AP Companies Global Solution’s Weigall begins with a discussion on the developments of the cruise industry, and how to best support it coming out of the pandemic. In 2019, 27 million passengers went on cruises, the industry was becoming more popular until the pandemic. Although 2020 saw seven million, that was effectively the first months and the industry effectively ‘shut down’.
However, passenger estimates for 2021 are 13.5 million, and more positive about 2022/23. Weigall asked how best to can we make boats as safe as possible. Some core techniques include passenger numbers are still reduced, mandated vaccination, pre-boarding testing and regular onboard testing, and stringent protocols for positive cases. Polling suggests 81 per cent of cruisers will do so again.
Butakova, also from AP Companies, outlined the advancements in medical provisions, including ICU, isolation zones, and other containment measures. Medical care onboard is more expensive, and Butakova stated that insurers may be hesitant to pay out in these instances, as they have less choice.
ITIJ’s Ian Cameron queried that the first port of call for cost containment is the equipment onboard.

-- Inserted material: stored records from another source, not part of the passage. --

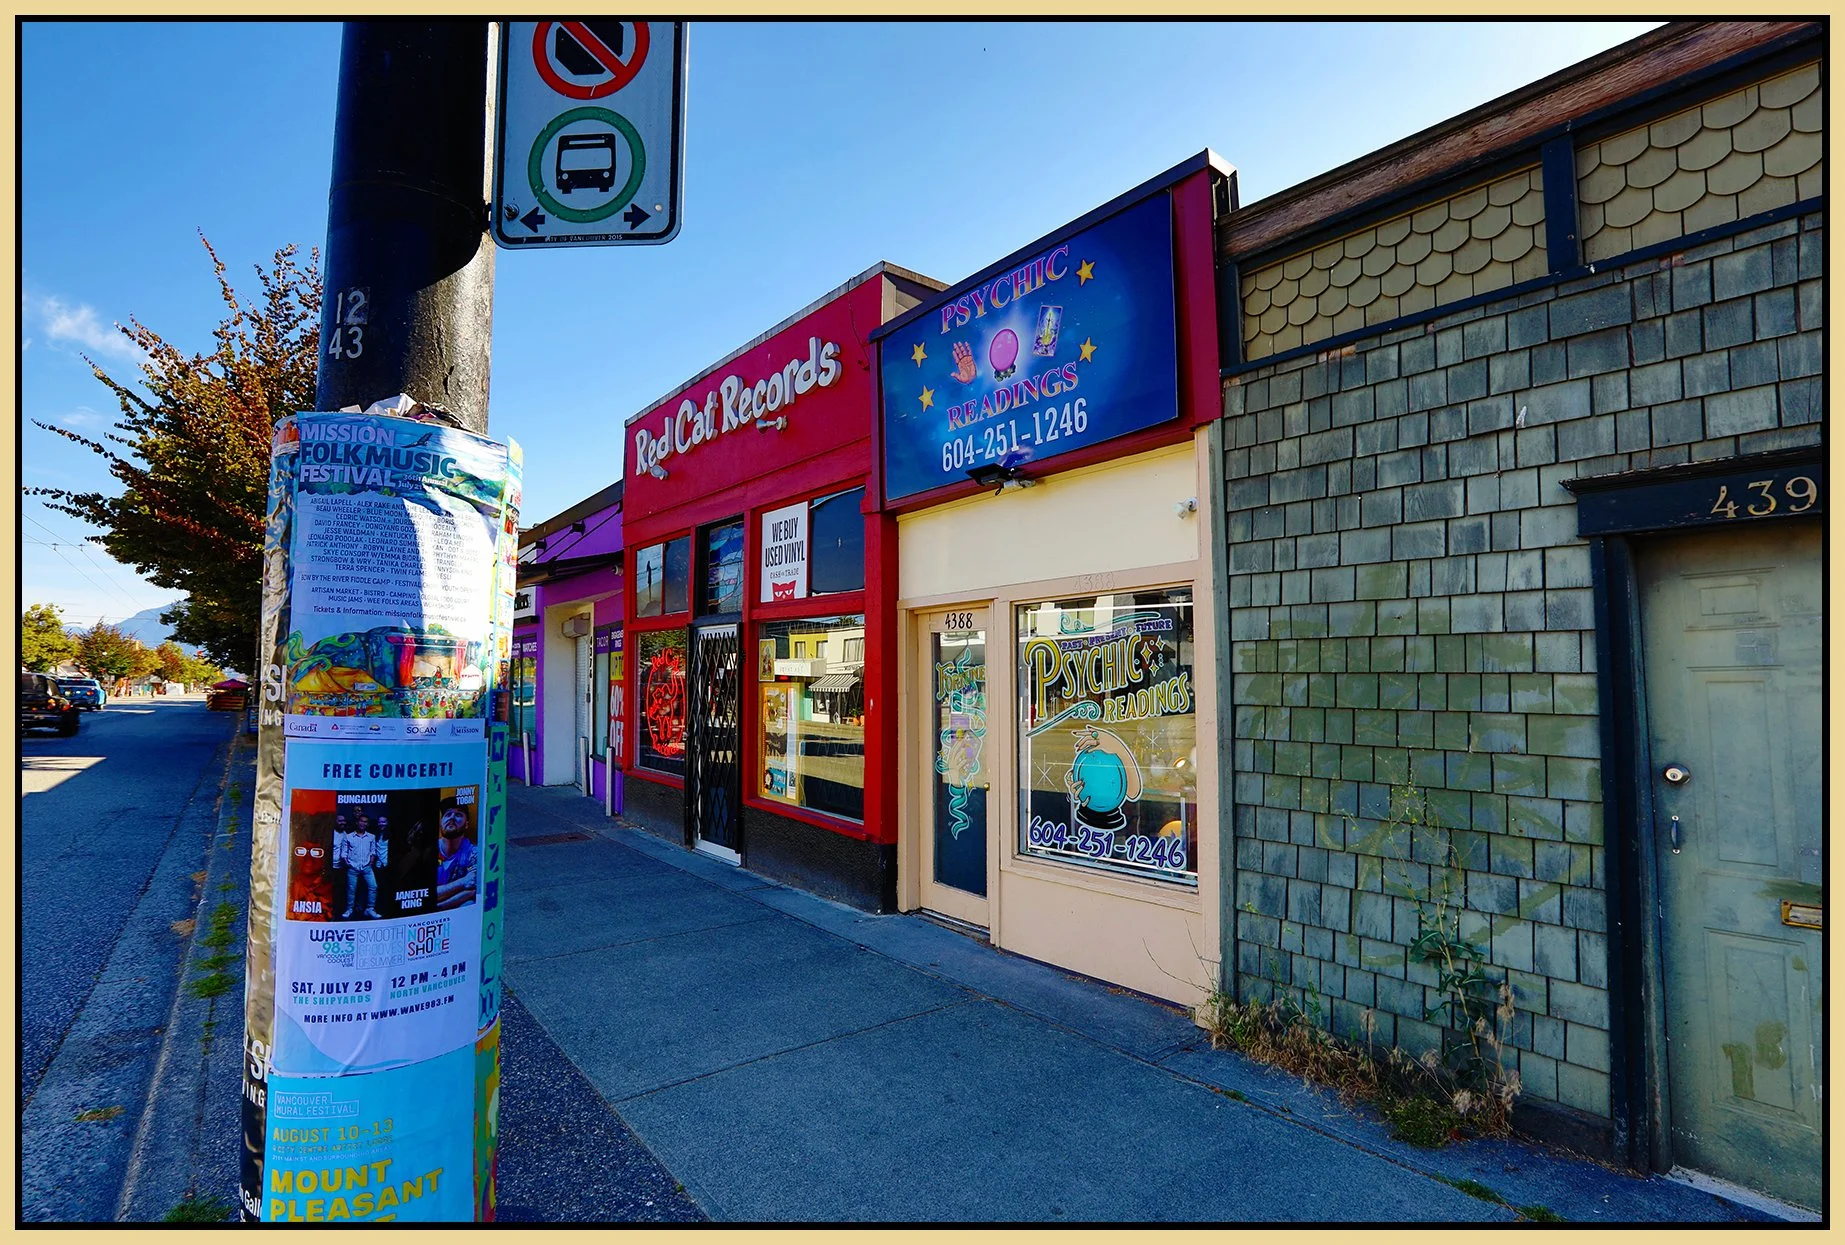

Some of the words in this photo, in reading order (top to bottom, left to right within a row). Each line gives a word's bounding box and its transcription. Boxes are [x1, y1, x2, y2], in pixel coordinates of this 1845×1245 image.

[940, 245, 1069, 335] PSYCHIC
[336, 290, 368, 325] 12
[328, 326, 363, 359] 43
[946, 361, 1079, 432] READINGS
[635, 417, 674, 477] Red
[674, 391, 718, 454] Cat
[719, 336, 842, 434] Records
[300, 423, 395, 447] MISSION
[941, 397, 1088, 472] 604-251-1246
[300, 442, 364, 467] FOLK
[363, 446, 456, 479] MUSIC
[300, 464, 396, 488] FESTIVAL
[1711, 476, 1818, 518] 439
[330, 499, 353, 507] LAPELL
[391, 502, 405, 510] AND
[332, 505, 362, 514] WHEELER
[366, 508, 382, 516] BLUE
[384, 509, 402, 517] MOON
[335, 513, 359, 521] CEDRIC
[359, 515, 386, 523] WATSON
[332, 520, 361, 528] FRANCEY
[365, 523, 400, 531] DONGYANG
[771, 521, 783, 543] WE
[784, 517, 799, 541] BUY
[307, 533, 334, 541] LEONARD
[334, 534, 364, 543] PODOLAK
[368, 537, 398, 546] LEONARD
[342, 528, 375, 537] WALDMAN
[380, 531, 413, 540] KENTUCKY
[329, 541, 359, 550] ANTHONY
[363, 544, 385, 552] ROBYN
[386, 546, 409, 554] LAYNE
[340, 550, 370, 559] CONSORT
[765, 544, 783, 568] USED
[784, 540, 806, 565] VINYL
[311, 555, 348, 564] STRONGBOW
[356, 557, 372, 565] WRY
[376, 559, 399, 568] TANIKA
[355, 565, 386, 573] SPENCER
[390, 567, 407, 575] TWIN
[332, 575, 350, 584] RIVER
[351, 577, 372, 585] FIDDLE
[372, 578, 391, 586] CAMP
[395, 580, 422, 589] FESTIVAL
[335, 588, 359, 596] MARKET
[389, 591, 417, 600] CAMPING
[381, 598, 400, 606] FOLKS
[313, 605, 335, 613] Tickets
[343, 607, 384, 616] Information:
[945, 612, 973, 630] 4388
[1061, 640, 1083, 650] PAST
[1089, 628, 1127, 647] PRESENT
[1135, 619, 1173, 633] FUTURE
[1103, 671, 1190, 723] READINGS
[289, 722, 318, 733] Canada
[406, 726, 437, 734] SOCAN
[323, 763, 362, 778] FREE
[369, 762, 453, 778] CONCERT!
[455, 786, 476, 797] JONNY
[337, 794, 387, 804] BUNGALOW
[456, 795, 475, 805] TOBIN
[1029, 815, 1187, 869] 604-251-1246
[395, 888, 429, 901] JANETTE
[293, 900, 323, 914] AHSIA
[401, 898, 423, 909] KING
[310, 929, 355, 942] WAVE
[360, 927, 404, 943] SMOOTH
[408, 922, 450, 944] NORTH
[322, 942, 355, 954] 98.3
[359, 941, 405, 956] GROOVES
[408, 938, 450, 957] SHORE
[368, 954, 404, 967] SUMMER
[391, 976, 406, 988] 12
[410, 971, 429, 986] PM
[441, 966, 448, 978] 4
[451, 961, 467, 976] PM
[319, 980, 350, 994] JULY
[354, 980, 373, 992] 29
[390, 986, 419, 1000] NORTH
[422, 974, 467, 995] VANCOUVER
[293, 996, 310, 1005] THE
[312, 994, 371, 1005] SHIPYARDS
[304, 1014, 328, 1023] MORE
[331, 1013, 353, 1023] INFO
[356, 1012, 369, 1022] AT
[370, 994, 455, 1021] WWW.WAVE983.FM
[276, 1095, 328, 1106] VANCOUVER
[276, 1106, 304, 1116] MURAL
[306, 1105, 355, 1116] FESTIVAL
[273, 1127, 330, 1143] AUGUST
[338, 1118, 394, 1141] 10-13
[332, 1142, 362, 1151] ARTIST
[270, 1158, 393, 1194] MOUNT
[270, 1167, 443, 1222] PLEASANT

How exceptional is equipment such as incubators and ventilators? Weigel states that ‘as digital health becomes more robust, remote doctors and services can enable more’. However, during a discussion with the audience, it was queried whether this was conducive on cost containment. New Frontier Group’s Rob Upton stated: “The issue with cruise cases is you have so many options taken away from you. But regarding the insurer, their priority is always the best treatment for the passenger, regardless of the cost.”

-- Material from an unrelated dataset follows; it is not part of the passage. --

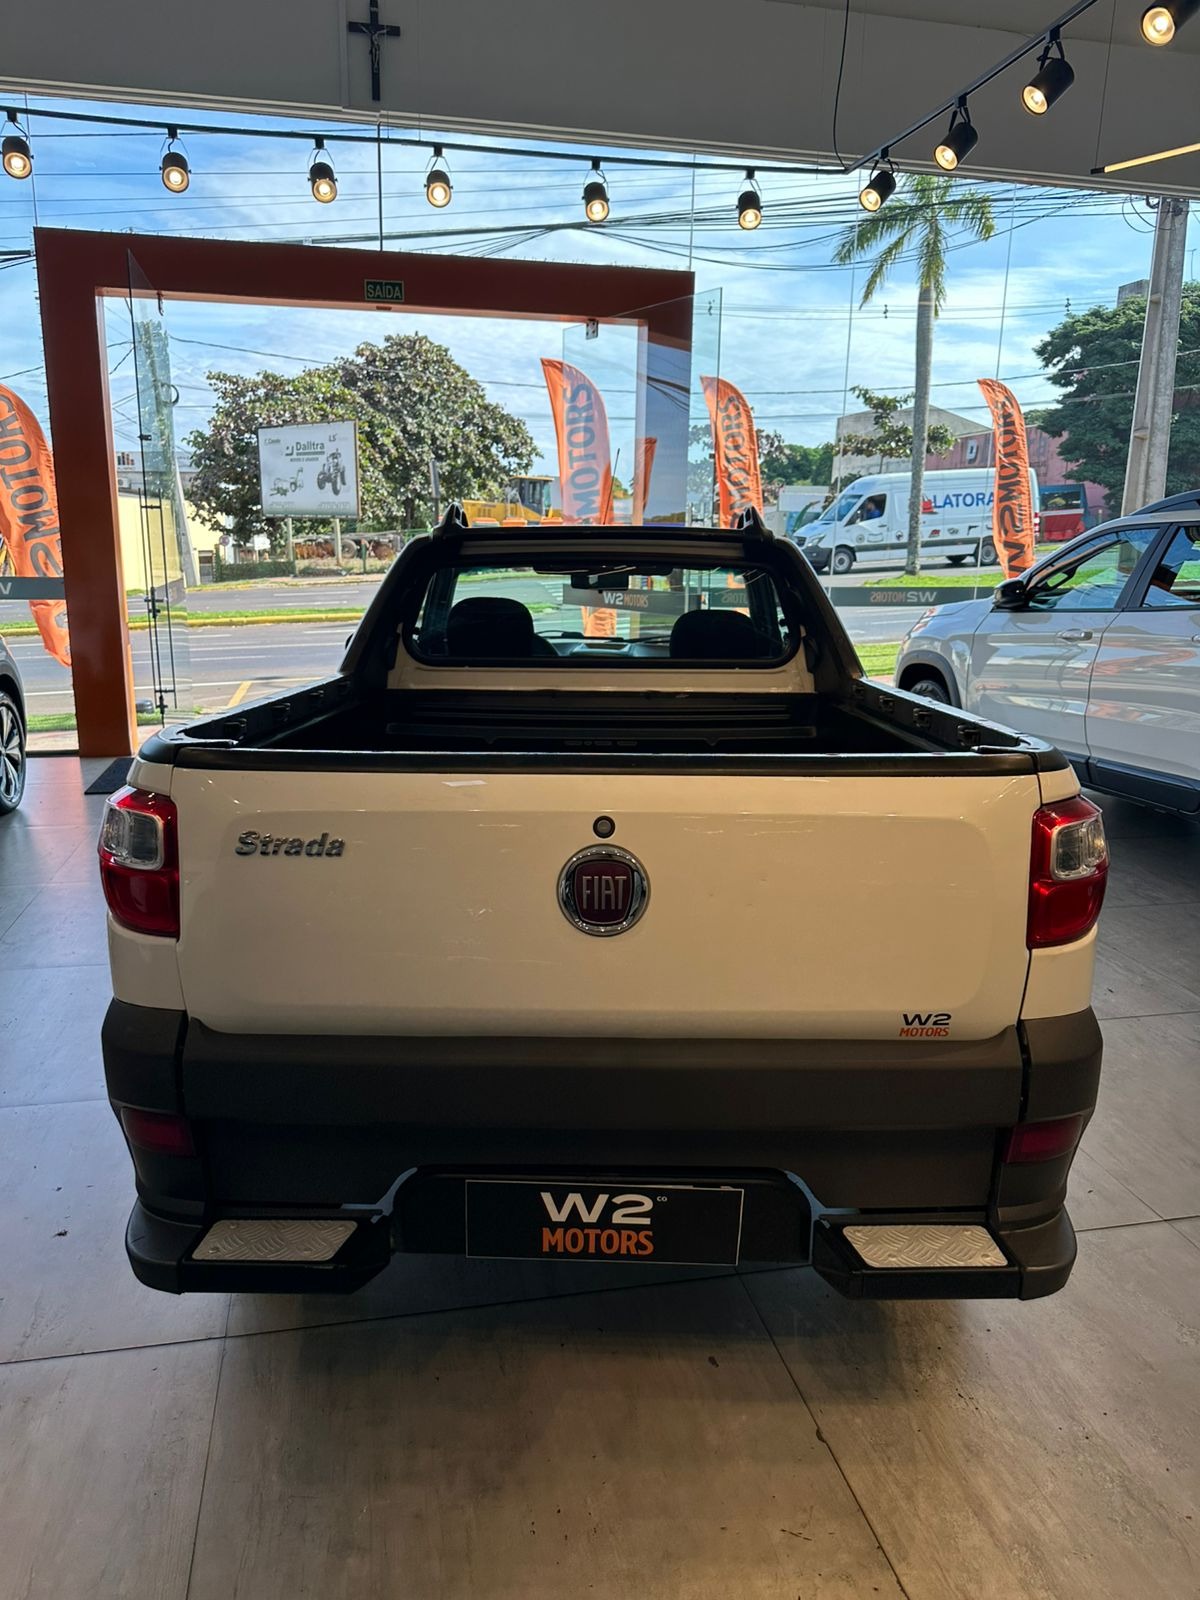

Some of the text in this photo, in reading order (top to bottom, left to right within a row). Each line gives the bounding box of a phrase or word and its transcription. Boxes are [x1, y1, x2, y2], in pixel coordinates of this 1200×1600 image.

In his presentation, Upton noted that one of the most significant challenges during the pandemic was the assessable provision of primary healthcare, ‘and the obvious solution was telehealth’. Upton stated that New Frontier Group has already explored telehealth prior to the pandemic, and these efforts were accelerated by the spread of Covid. But one of the core issues was the difficulty in prescribing medication outside of the jurisdiction of the physician.

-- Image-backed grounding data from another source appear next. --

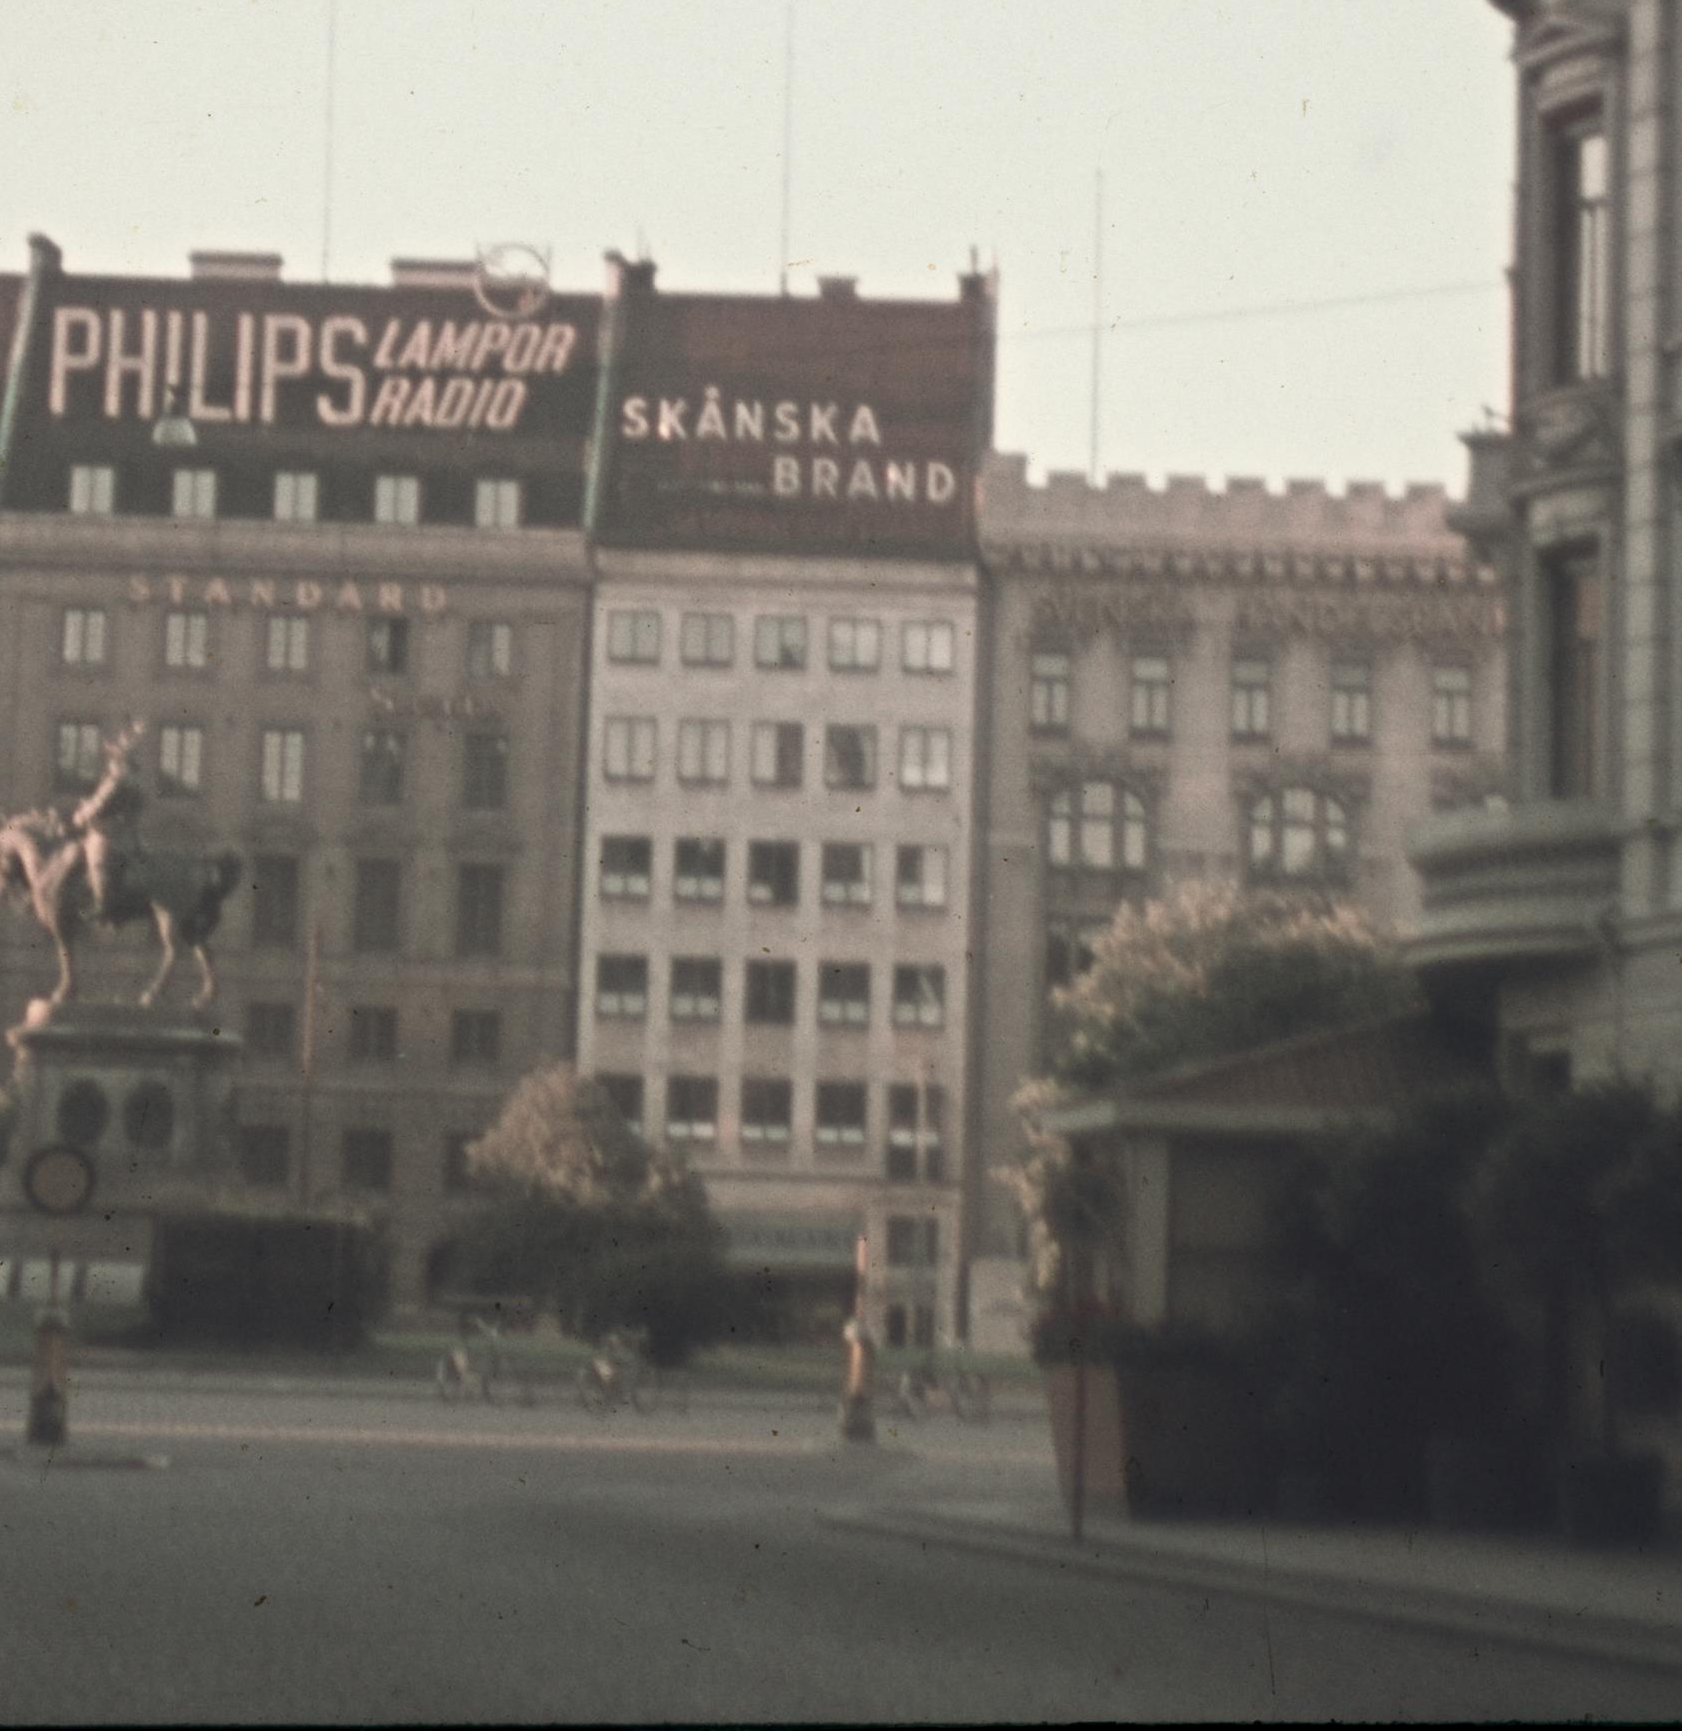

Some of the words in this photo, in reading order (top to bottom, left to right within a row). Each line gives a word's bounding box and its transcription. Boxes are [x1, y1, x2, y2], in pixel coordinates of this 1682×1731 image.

[48, 305, 368, 426] PHILIPS
[373, 316, 577, 375] LAMPOR
[370, 375, 528, 429] RADIO
[621, 385, 883, 447] SKÅNSKA
[771, 453, 959, 504] BRAND
[125, 577, 449, 613] STANDARD

There is an increase in mental health and anxiety treatment for international students, and telehealth can provide access to specialists that might otherwise not be accessible. Sixty-five per cent of callers are female. Upton stated: “When there was a propensity for female callers, when we explored that, it turns out there were a lot of calls about family planning.” The vast majority of callers requested an ‘immediate’ response, with an average waiting time of four minutes.
As the use of telehealth rose during the pandemic, user familiarity has led to a prolonged interest in telemedicine, and Upton predicts patients will prefer providers that offer telemedicine services. When asked about whether telemedicine providers themselves form a part of the cost that could be contained, John Spears, Global Excel Management, said: “We evaluate whether the cost comes from offering our service compared to attending the emergency room. But there is an additional benefit, which is our experience, that is tough to calculate.”
Spears rounded off the presentation with a strong statement: “People have told me it’s the US costs that made cost containment essential.” For each solution that was established, the provider side would increase costs. “The US system, specifically, is about anticipating costs.” But Spears stated that the number of entities entering the healthcare service have become increasingly convoluted.
Some of the most prominent challenges Spears highlighted include the persistently escalating costs around the world, technology and pharmaceutical costs, and opaque mergers and acquisitions. But a number of cost avoidance strategies employed by Global Excel Management include the gradually evolving plan design and policy wording, creating networks that suit client profiles, and preventative and predictive measures. Among cost containment strategies include the use of risk scores, which allow pre-negotiation in advance.
Spears stated: “Telemedicine is great, it provides a better experience, and these things save money,” and argued that the cost containment attitude, led by a reactive nature, and is antiquated and flawed compared to pre-empting costs.